Re: Distinguishing the Essentials from the Optional Add-Ons

From: Stevan Harnad <>
Date: Thu, 26 Jul 2001 13:32:09 +0100

On Wed, 25 Jul 2001, George Lundberg wrote:

> i certainly can agree with one point
> the market will decide
> however i would not count on any "windfall savings" unless there is a
> secure on-going revenue stream
> and that is, of course, a fundamental problem with any "giveaway" product

I am not quite sure what George means here (nor what he is taking me
to mean):

Note that most of this is hypothetical:

The part that is not hypothetical but certain is:

The (hypothetical) windfall savings would be those of the university
libraries, from S/L/P cancellations, if (hypothetically) the online
availability of the self-archived ("giveaway") version of all refereed
articles (if/when most or all of them are indeed self-archived) were to
cause a catastrophic drop in the demand (hence revenue streams) for the
S/L/P version (on-paper, publisher's PDF, publisher's online
enhancements).

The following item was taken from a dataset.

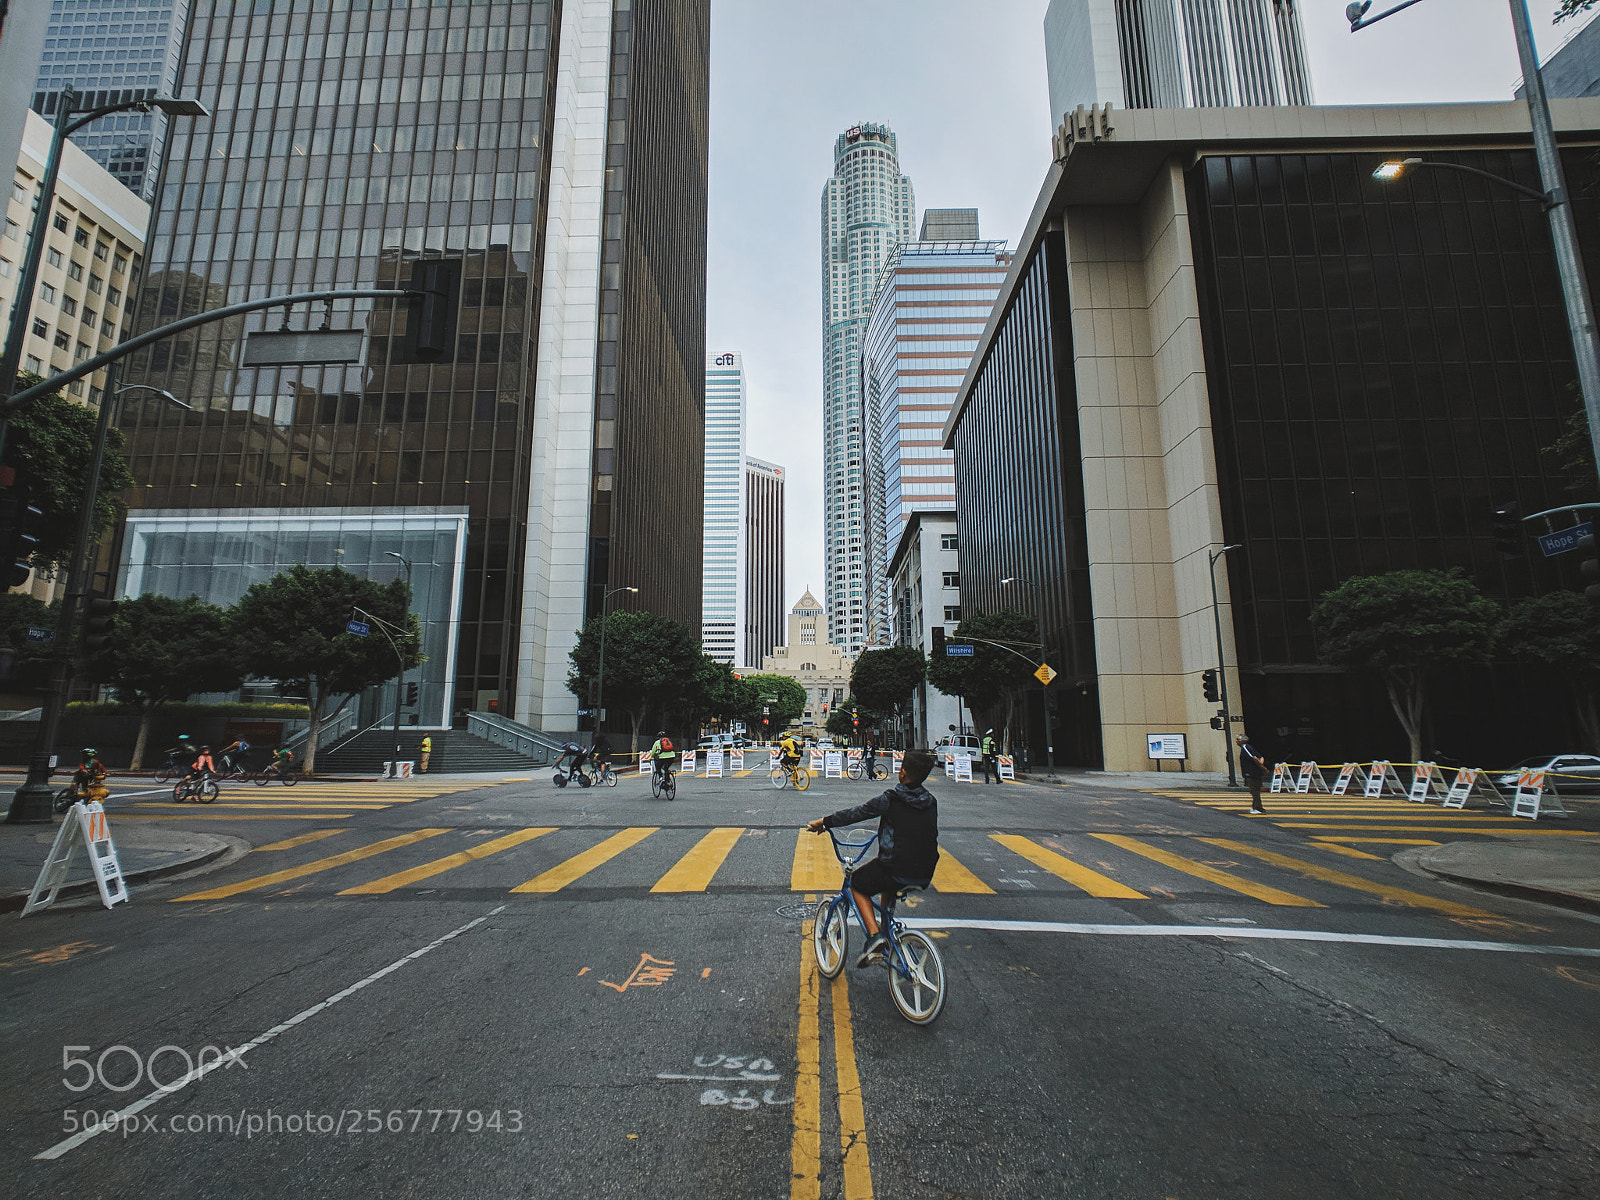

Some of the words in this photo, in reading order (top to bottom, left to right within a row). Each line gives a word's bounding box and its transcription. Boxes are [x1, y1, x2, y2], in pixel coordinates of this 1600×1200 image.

A portion (be it 10% or 30%) of those university
windfall savings could then be used to pay the costs, on a per-paper
submitted/accepted basis, to maintain the revenue streams for the sole
remaining essential service from refereed journal publishers, namely,
the implementation of peer review.

The only part that is not hypothetical but certain is the preferability
of free access to the refereed research literature (does anyone wish to
contest this?), and the fact that author self-archiving would immediately
provide this (does anyone wish to contest this?).

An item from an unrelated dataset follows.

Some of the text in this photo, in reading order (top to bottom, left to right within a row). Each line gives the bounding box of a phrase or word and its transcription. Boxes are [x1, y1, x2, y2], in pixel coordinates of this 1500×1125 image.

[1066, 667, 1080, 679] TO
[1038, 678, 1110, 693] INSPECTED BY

Now let us unwrap these contingencies, to show how they could fail:

(1) Researchers could fail to self-archive their refereed articles,
hence fail to free them online, despite the potential benefits in
visibility, access and impact. One hopes they will not fail to do this,
and one can keep explaining and facilitating its feasibility, legality,
and optimality, but there is always the possibility that the token will
fail to drop, or to drop in enough researchers' minds, or to drop any
time soon. In that case, the rest is moot.

(2) Even if all refereed research is made available online for free in
OAI-compliant Eprint Archives soon, this may not diminish the demand
for the S/L/P version. In that case, the rest is moot.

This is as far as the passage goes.